TEMPO.CO, Jakarta - Bulan suci Ramadan tahun ini bertepatan dengan rekor kekeringan terpanjang di Somalia. Saat matahari terbenam dan umat Islam di seluruh dunia berkumpul untuk berbuka puasa setiap hari dengan makan malam yang berlimpah, Hadiiq Abdulle Mohamed dan keluarganya hanya memiliki sedikit air dan makanan apa pun yang tersedia.
Mohamed termasuk di antara lebih dari 1 juta warga Somalia yang meninggalkan rumah mereka untuk mencari bantuan akibat kekeringan parah di negara tersebut. Sementara diperkirakan 43.000 orang meninggal tahun lalu saja.
Dia dan suaminya serta enam anak mereka sekarang berlindung di salah satu kamp pengungsian yang semakin berkembang di sekitar ibu kota, Mogadishu.
Ramadhan membawa kenaikan harga pangan untuk negara yang sudah berjuang melawan inflasi yang sebagian disebabkan oleh invasi Rusia ke Ukraina, dan layunya tanaman lokal oleh lima musim hujan yang gagal berturut-turut. Jutaan ternak yang menjadi pusat makanan manusia telah mati.
Sekarang makanan semakin sulit didapat bagi warga miskin. Selama Ramadan, Mohamed dan keluarganya mengandalkan simpatisan untuk menyediakan makanan bagi mereka sehari.
Awalnya mereka berbuka puasa dengan air dan potongan kurma. Kemudian, mereka makan makanan sumbangan berupa nasi yang dimasak dengan daging campur, pisang yang diremukkan dan sekantong plastik kecil berisi jus. Untuk memperolehnya, ibu enam anak ini harus antre berjam-jam di bawah terik matahari.

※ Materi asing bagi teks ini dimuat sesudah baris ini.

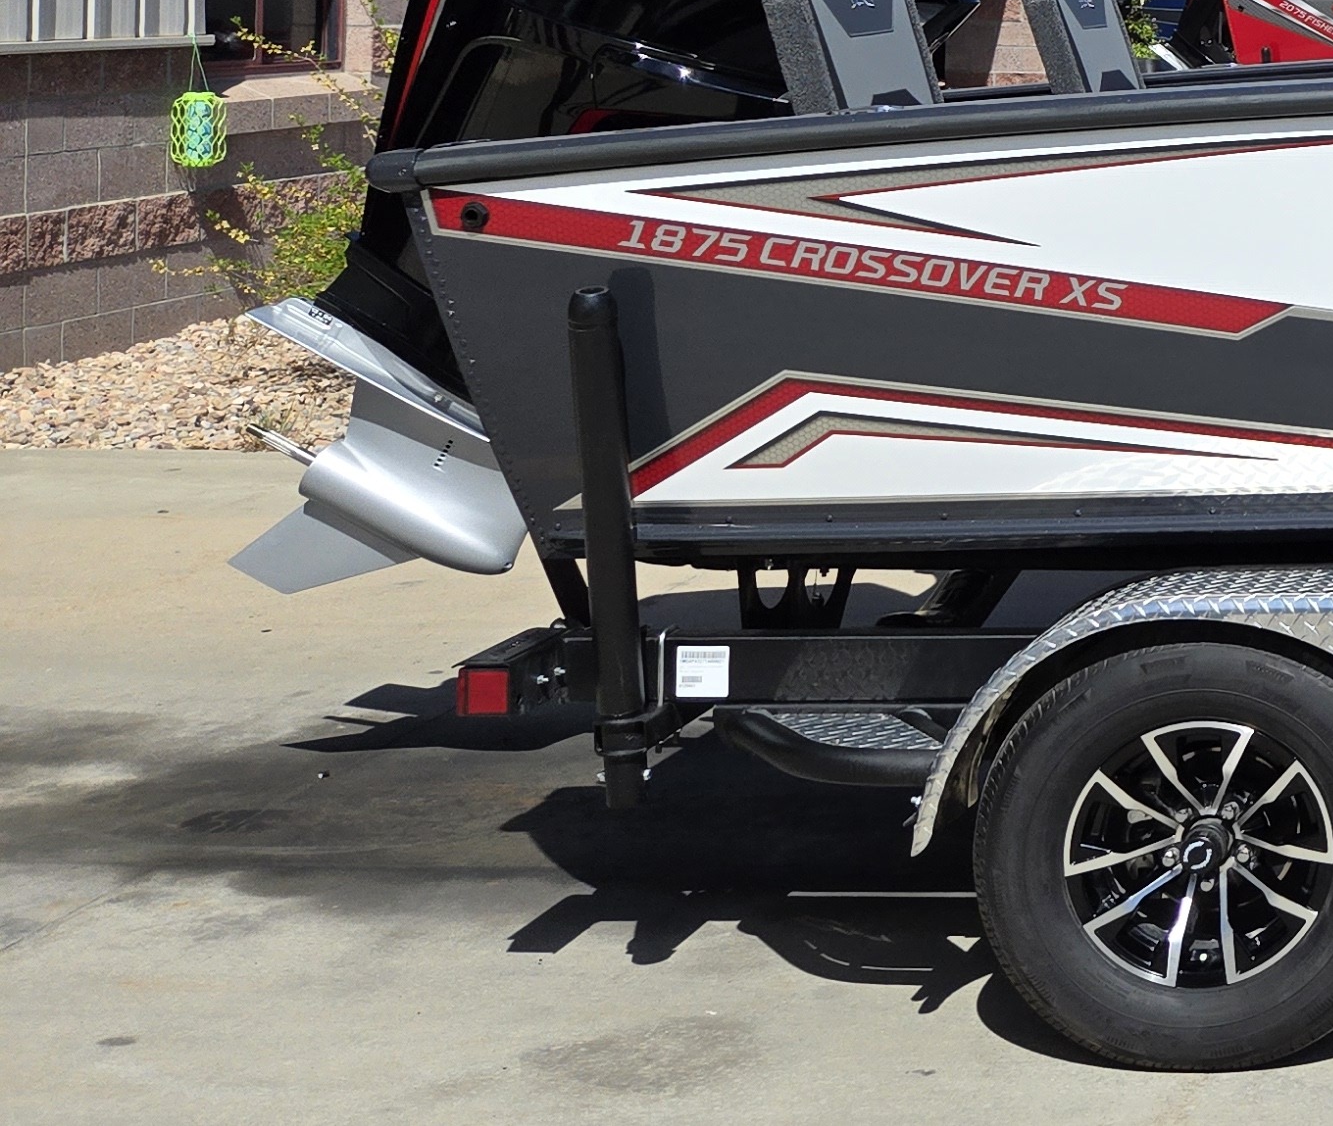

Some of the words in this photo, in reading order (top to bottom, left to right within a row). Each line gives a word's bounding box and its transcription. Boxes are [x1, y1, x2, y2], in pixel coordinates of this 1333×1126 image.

[1279, 0, 1307, 19] 2075
[617, 219, 753, 263] 1875
[759, 236, 1050, 301] CROSSOVER
[1059, 276, 1130, 311] XS
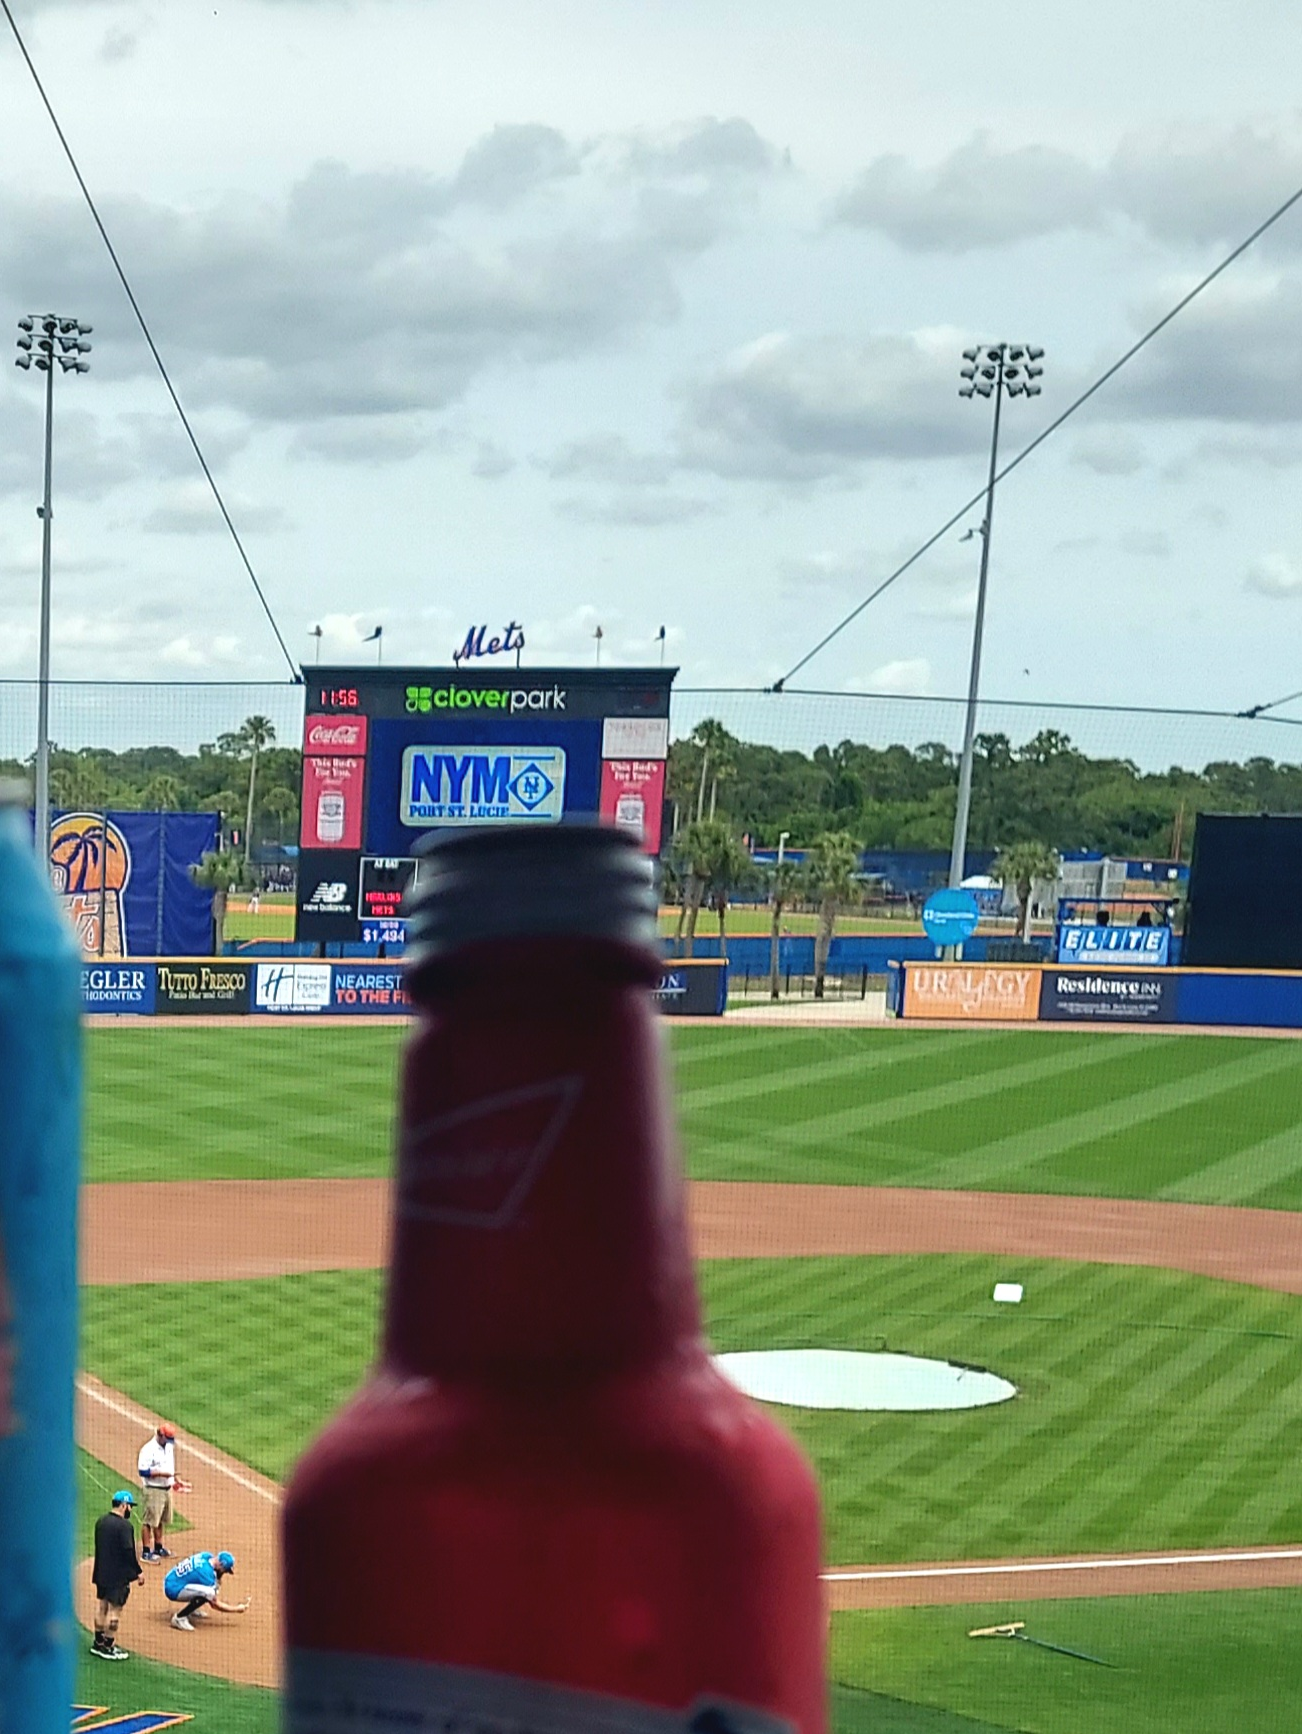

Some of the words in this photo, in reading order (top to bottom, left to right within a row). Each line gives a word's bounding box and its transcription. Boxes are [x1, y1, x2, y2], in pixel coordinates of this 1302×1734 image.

[453, 621, 525, 660] Mets
[321, 689, 358, 706] 11:56
[411, 754, 511, 804] NYM
[409, 805, 445, 817] PORT
[448, 806, 467, 817] ST.
[469, 806, 509, 817] LUCIE
[303, 903, 318, 911] new
[319, 903, 352, 912] balance
[1065, 931, 1162, 950] ELITE
[158, 967, 197, 991] TUTTO
[200, 967, 246, 991] FRESCO
[335, 974, 403, 989] NEAREST
[1057, 976, 1139, 994] Residence
[335, 990, 357, 1004] TO
[360, 990, 389, 1004] THE

“Saya ingat puasa Ramadhan yang kami lakukan di masa lalu ketika kami sejahtera,” katanya. “Kami akan memerah susu kambing kami, memasak ugali (bubur jagung) dan sawi hijau dan minum air dari tangkapan kami,” perempuan ini mengenang.
“Namun, tahun ini kami tinggal di kamp, tanpa plastik untuk melindungi kami dari hujan, tanpa makanan untuk dimakan, kehausan dan kekeringan. Kami memiliki makanan panas kecil ini, tetapi menurut Anda apakah ini cukup memberi makan keluarga dengan enam anak, ditambah ibu dan ayah? Itu tidak mungkin."
Keluarga itu dulunya makmur dan memiliki lahan pertanian dan kambing di sebuah desa sekitar 140 kilometer di sebelah barat ibu kota. Sekarang, mereka mencoba bertahan dari sedikit uang yang dihasilkan suaminya dengan menjual barang-barang di gerobak dorong. Namun, harga sembako melambung tinggi sehingga penghasilan sang kepala keluarga tidak lagi cukup untuk membeli beras satu kilogram.
Inflasi di Somalia juga menghampiri yang lebih kaya.
Makanan berbuka puasa khas Ramadan termasuk samosa dan makanan ringan lainnya; jus, teh dan kopi; hidangan utama nasi seperti spageti atau roti pipih dengan daging unta, kambing, ayam atau ikan; dan terakhir, makanan penutup.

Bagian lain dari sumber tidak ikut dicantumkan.